I think if I am struggling with this, other women are definitely struggling with this too because there's no new stories. There's no really unique human experiences. I want to first just dig into the fact that this is the prevalent message in our culture. Pew, a few years ago came with a very interesting results from a survey. They're so reputable, they are great. They surveyed tens of thousands of people and they found that in the United States, 45% of Americans believe that it actually harms children. It harms children when their mothers work outside the home.
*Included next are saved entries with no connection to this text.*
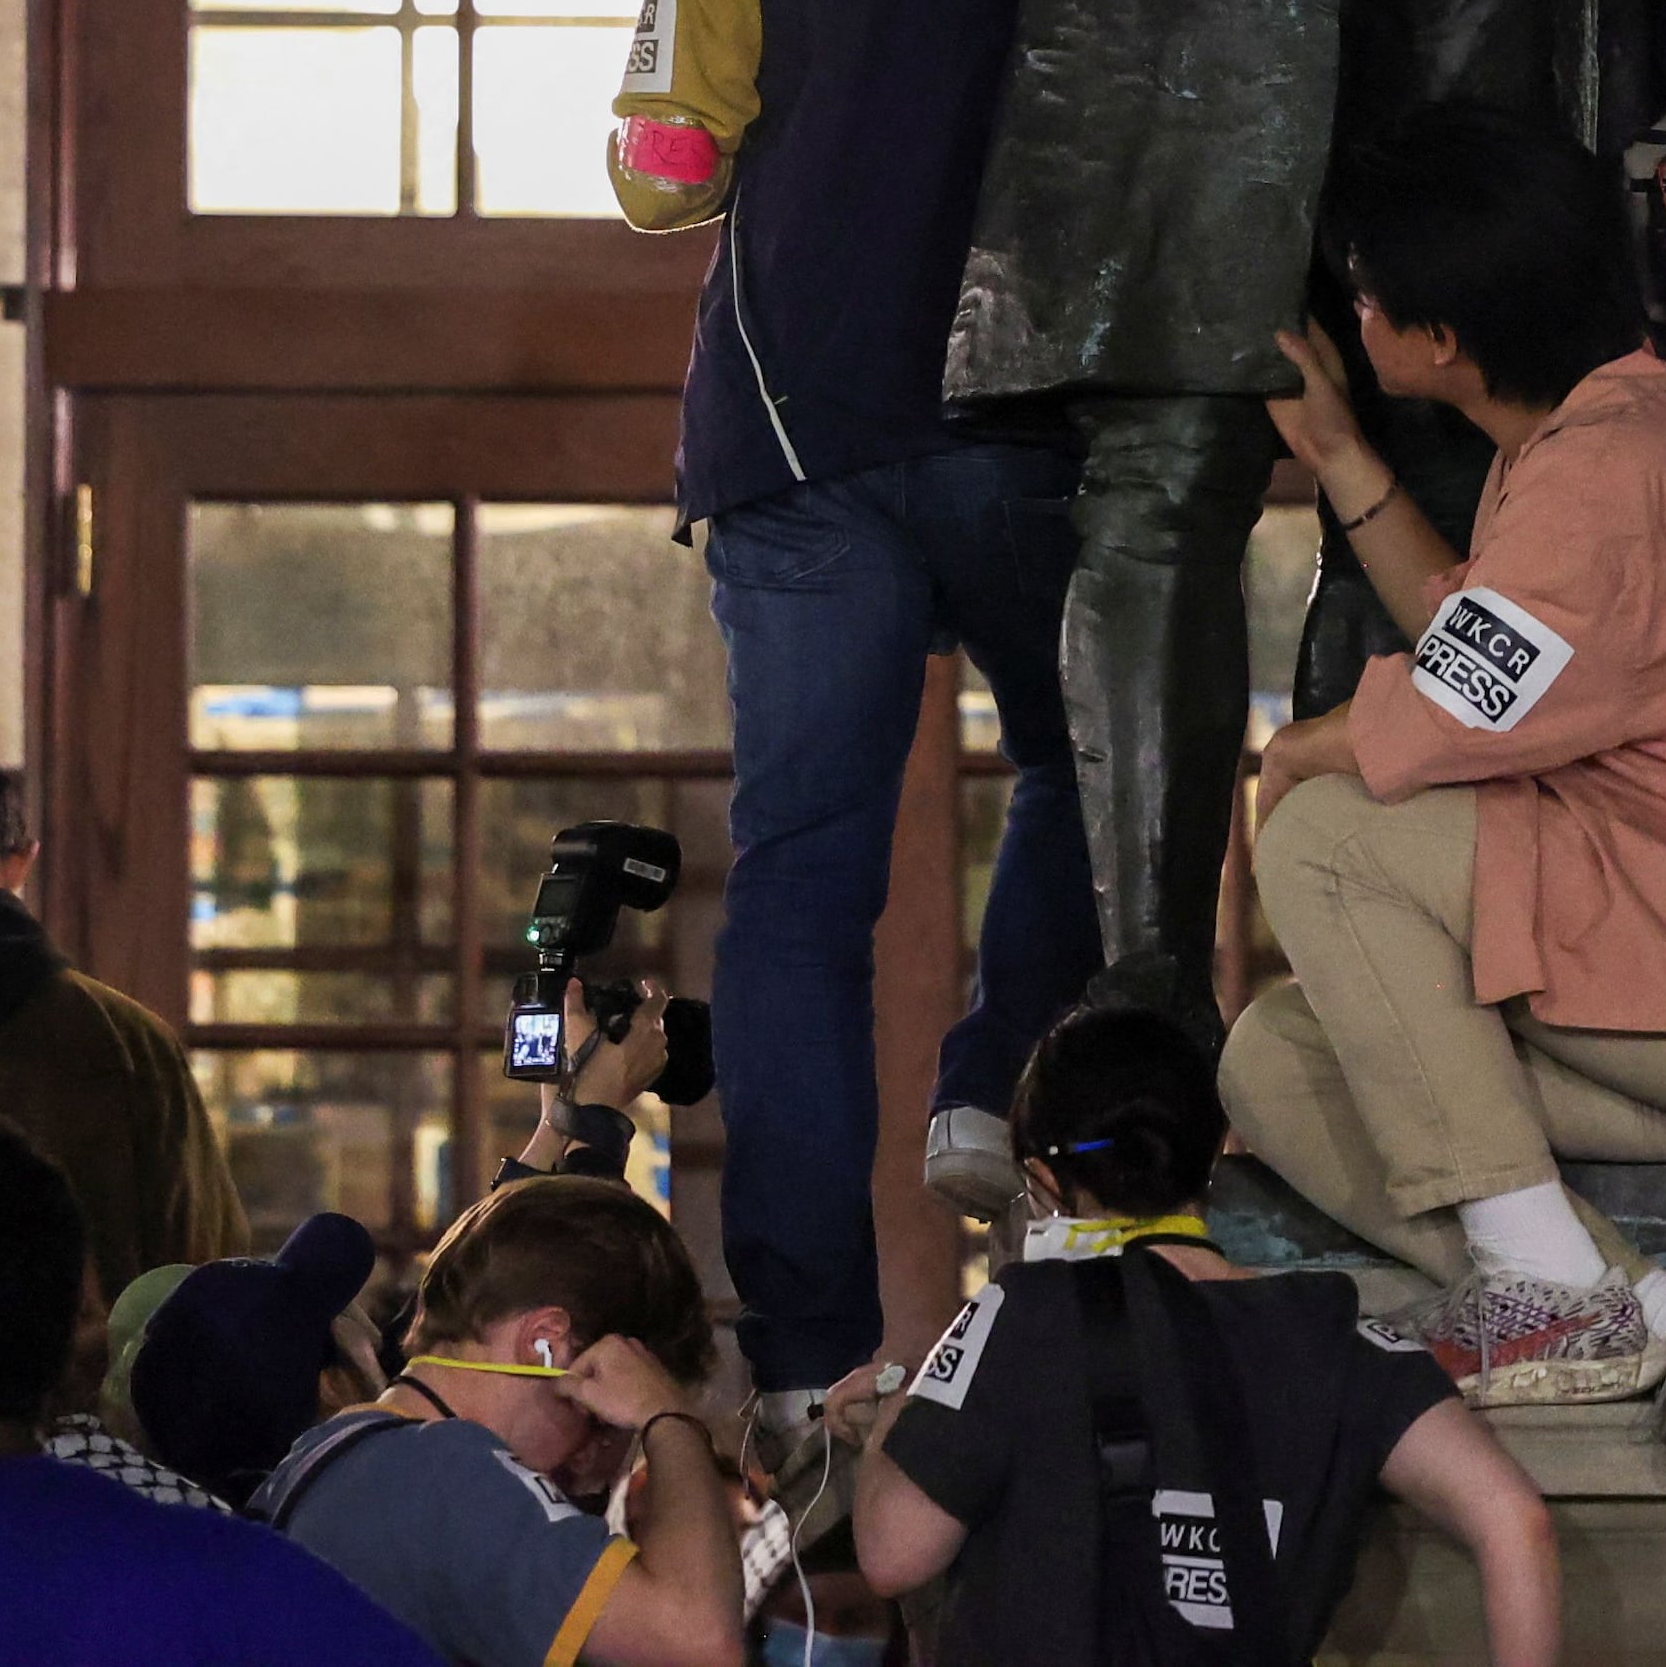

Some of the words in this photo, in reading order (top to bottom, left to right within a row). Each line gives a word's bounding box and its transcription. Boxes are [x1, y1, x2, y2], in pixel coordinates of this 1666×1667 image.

[1449, 605, 1530, 675] WKCR
[1421, 640, 1510, 717] PRESS
[1160, 1522, 1221, 1552] WKC
[1164, 1566, 1230, 1605] RES
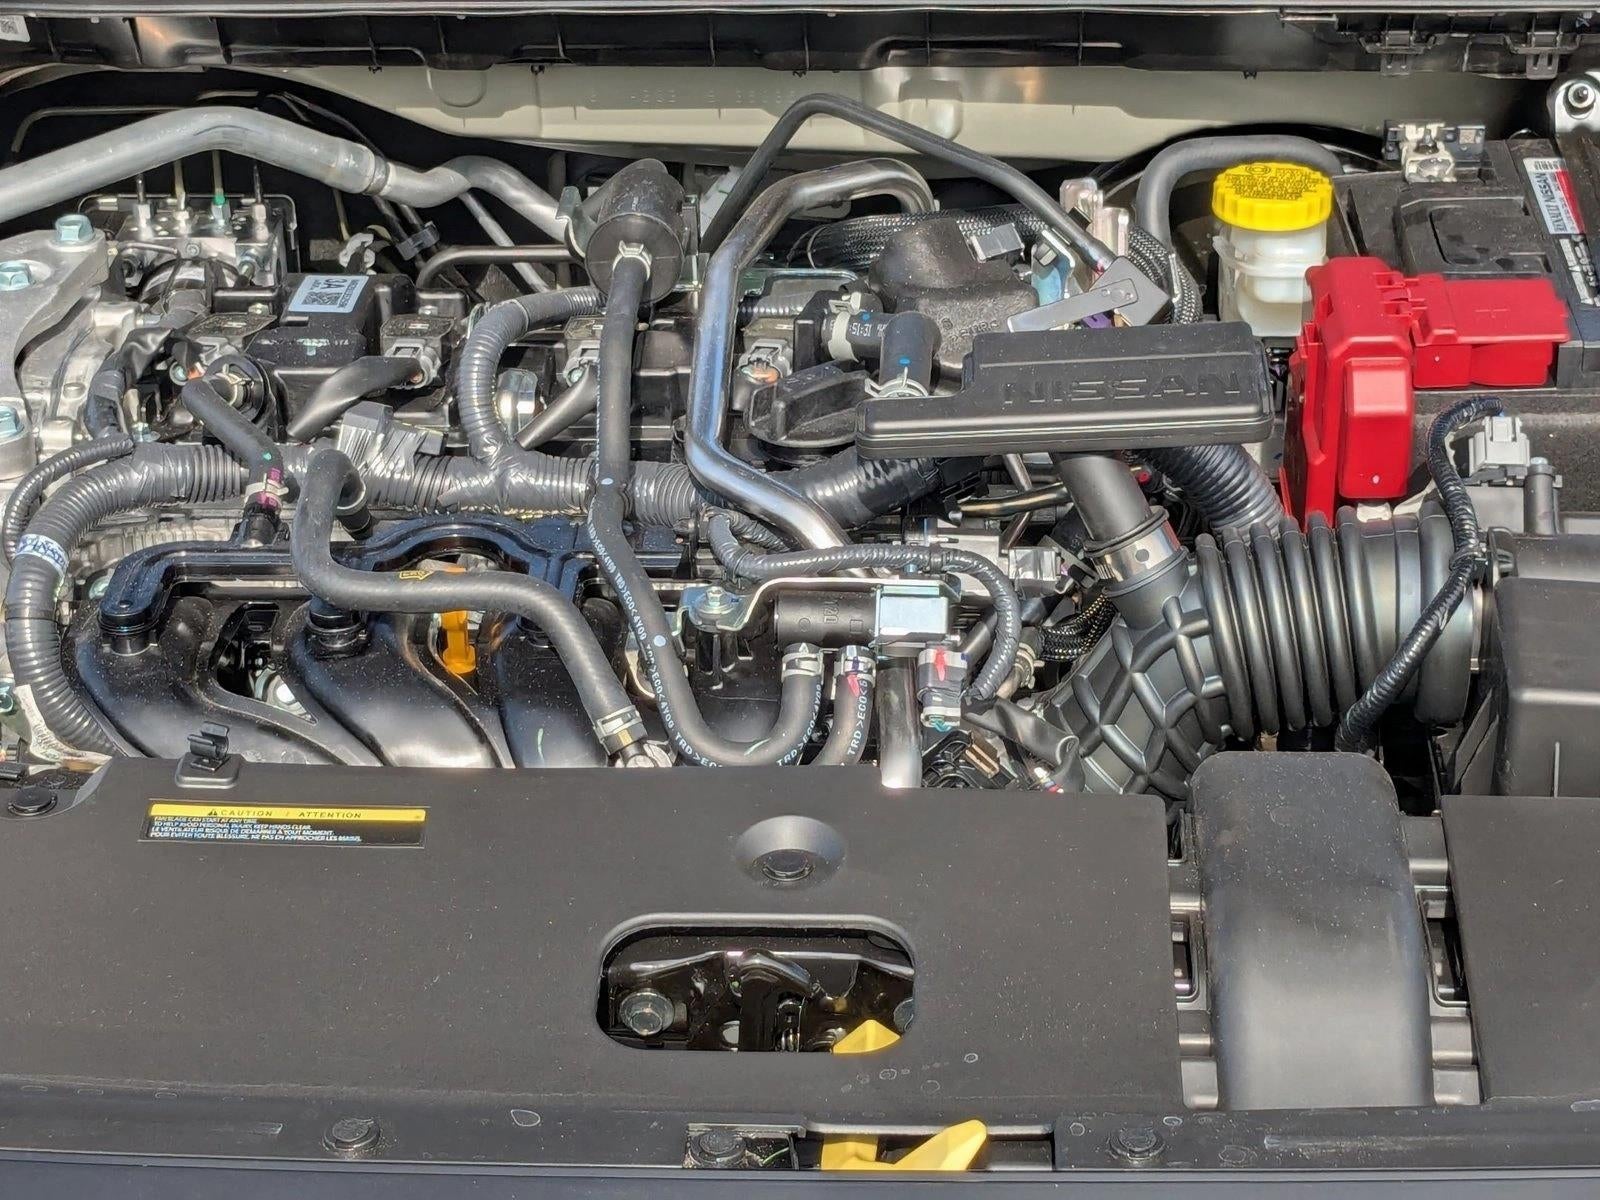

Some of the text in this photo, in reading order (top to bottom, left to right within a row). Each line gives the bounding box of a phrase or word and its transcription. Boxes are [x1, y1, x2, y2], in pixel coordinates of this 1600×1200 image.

[1002, 370, 1241, 404] NISSAN
[220, 809, 273, 817] CAUTION
[298, 811, 362, 819] ATTENTION
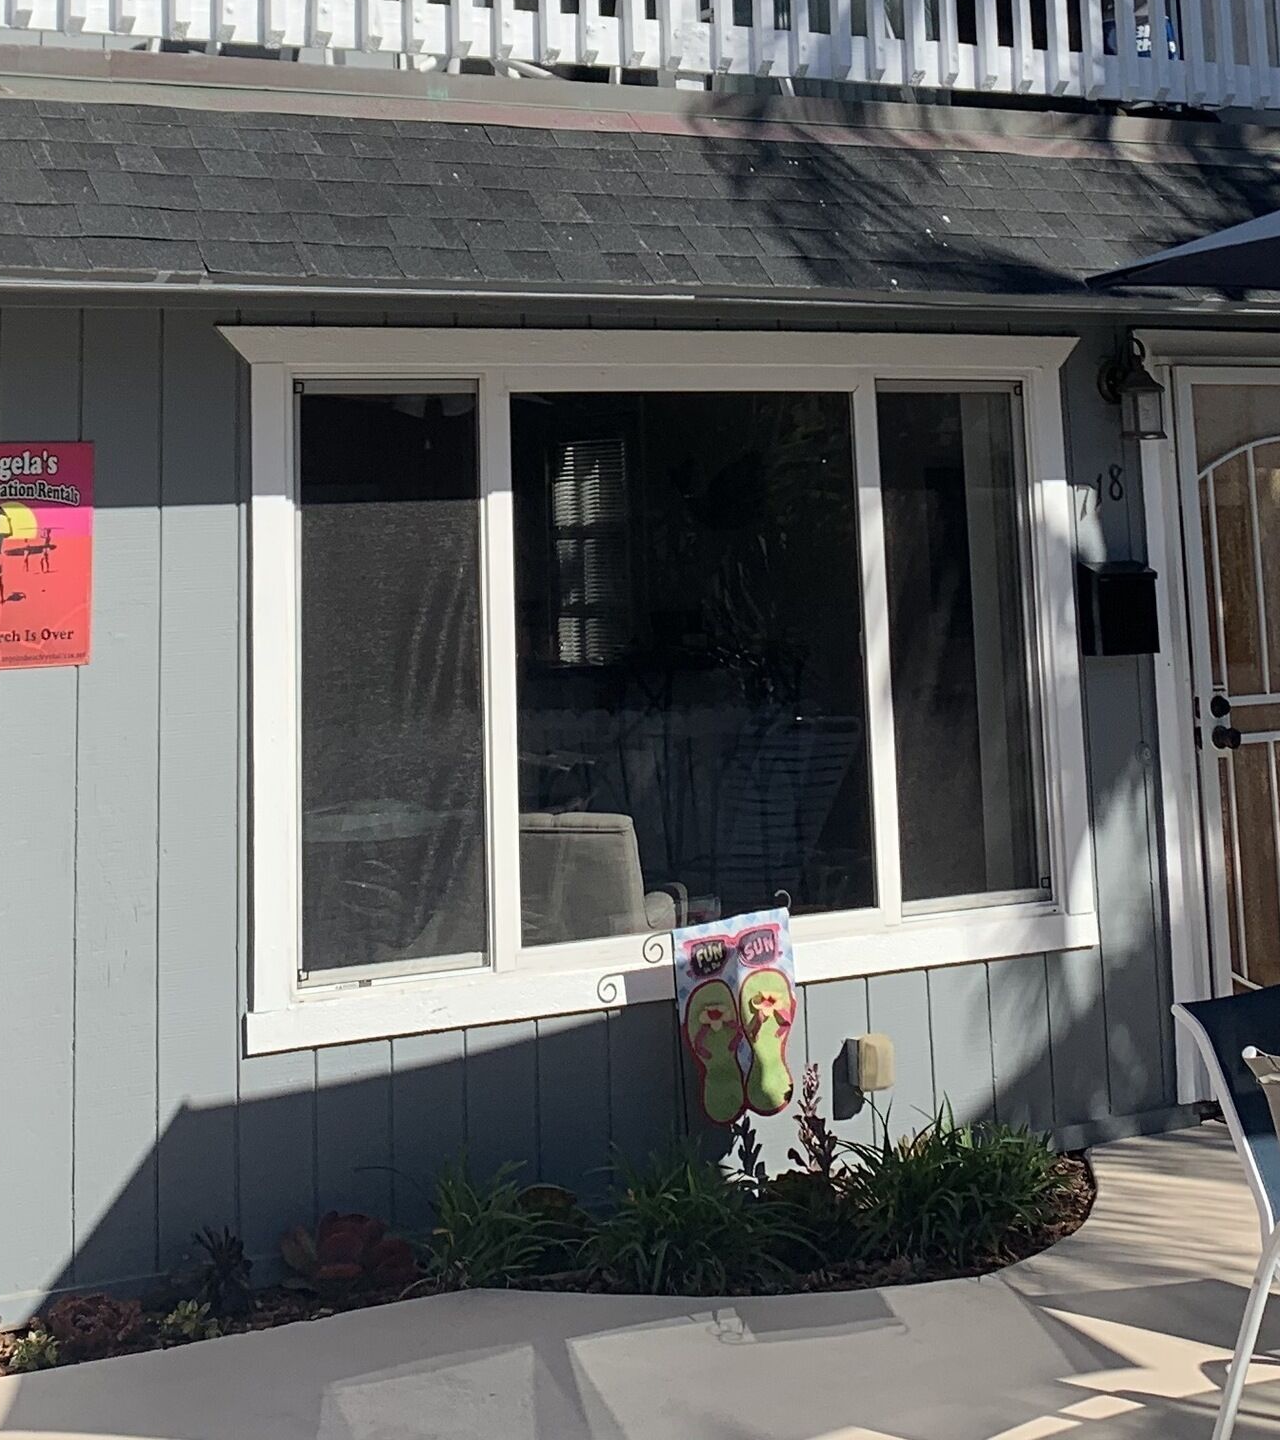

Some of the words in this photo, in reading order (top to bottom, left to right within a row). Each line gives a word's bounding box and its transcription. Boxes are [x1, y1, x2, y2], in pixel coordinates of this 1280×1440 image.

[38, 480, 80, 506] Rentals
[1076, 464, 1123, 521] 718
[25, 629, 37, 642] Is
[41, 628, 74, 641] Over
[696, 943, 723, 969] FUN
[743, 937, 775, 962] SUN
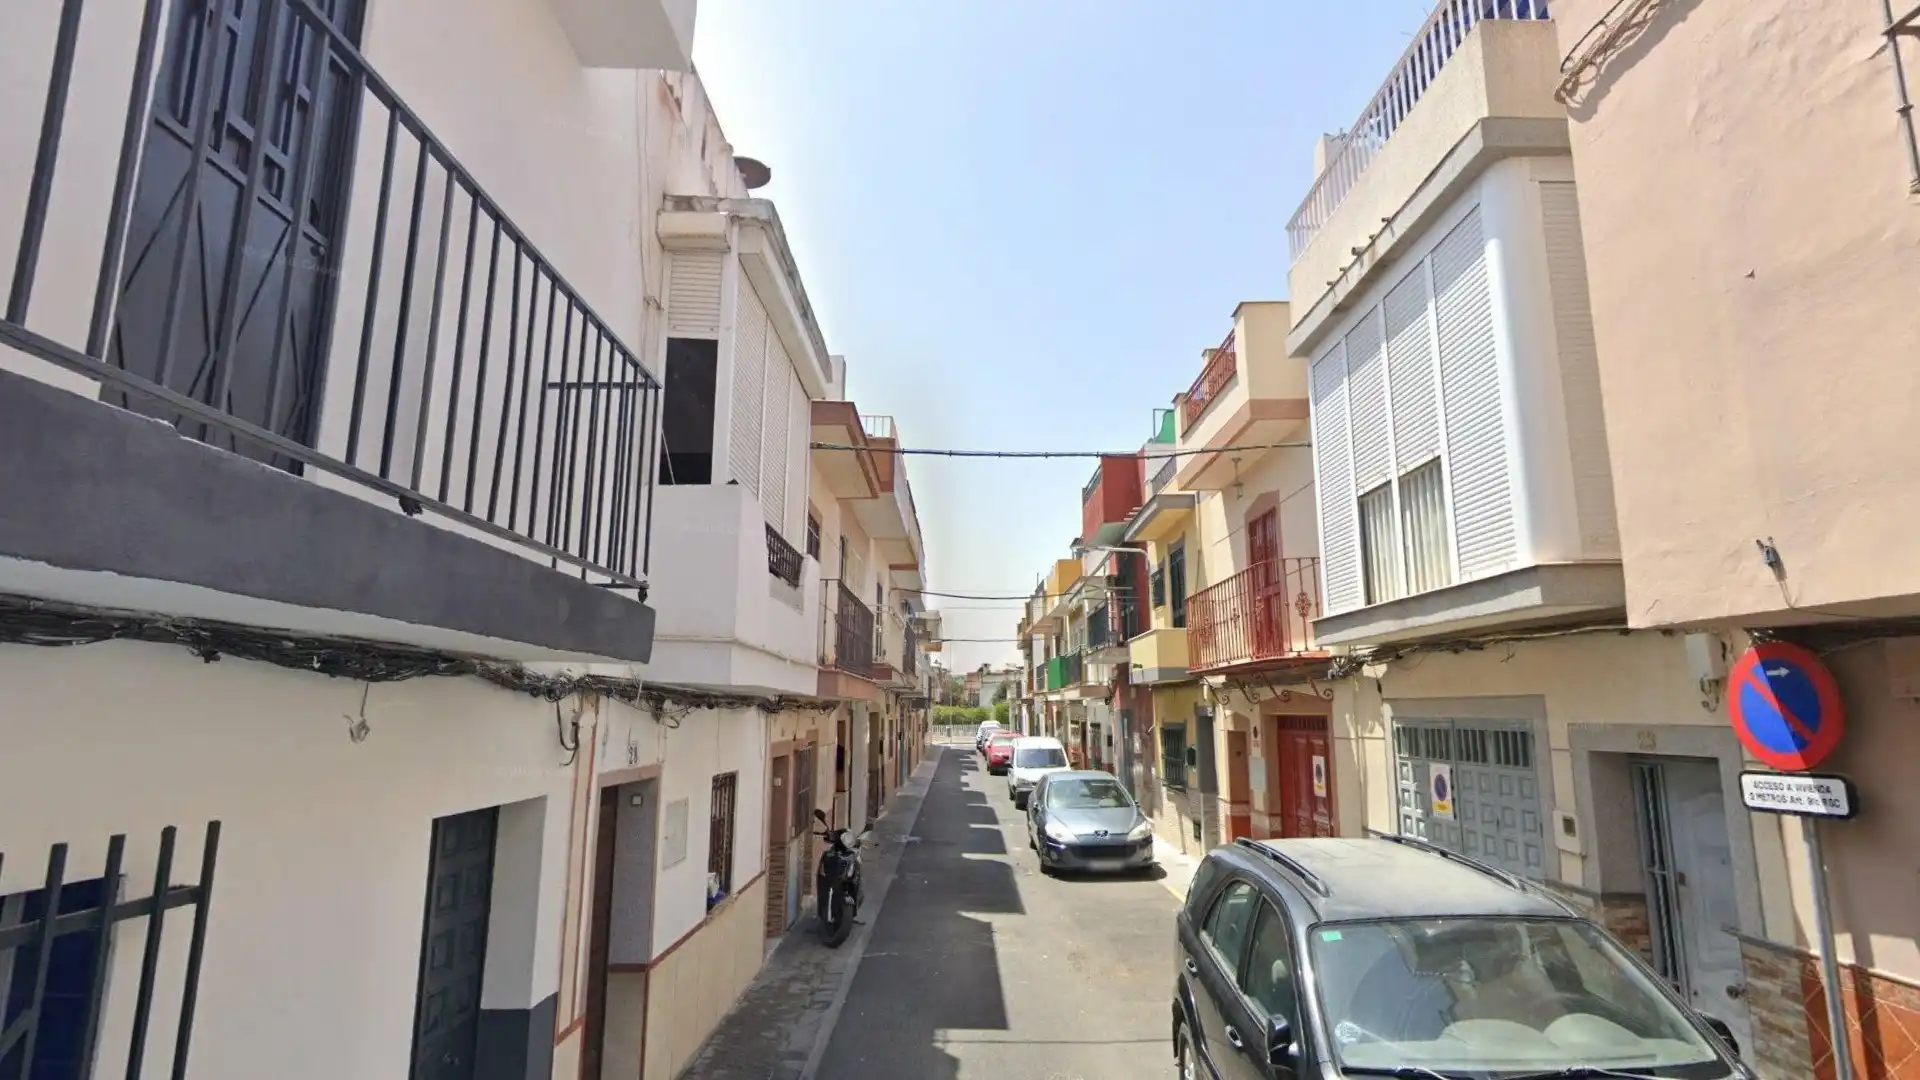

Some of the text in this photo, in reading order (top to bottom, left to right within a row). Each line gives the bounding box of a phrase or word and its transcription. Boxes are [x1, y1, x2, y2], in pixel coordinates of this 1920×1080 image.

[1753, 780, 1785, 791] ACCESO
[1795, 783, 1833, 794] VIVIENDA
[1755, 792, 1788, 804] METROS
We believe that we should be going to college and law school and we tell our daughters that they can be whatever they want to be and we believe that, but we also believe that it hurts them.

If we believe that it hurts them when we go out and achieve and when they go out to achieve, it's going to come into conflict with their personal lives. These are real things and we're never going to close that pay gap. We're never going to close the wealth gap until we start acknowledging the reality of this. Now, I'll tell you another anecdote. You heard my little story about my own conflict with this, but another story. Not too long ago, I was at a really great cocktail party in Manhattan. I live in New York City and it was my friend. She's a co-founder of this, I think they're doing like 20 million dollars in business. It's a tech startup and there was, I don't know, a dozen other interesting women. They're so fascinating.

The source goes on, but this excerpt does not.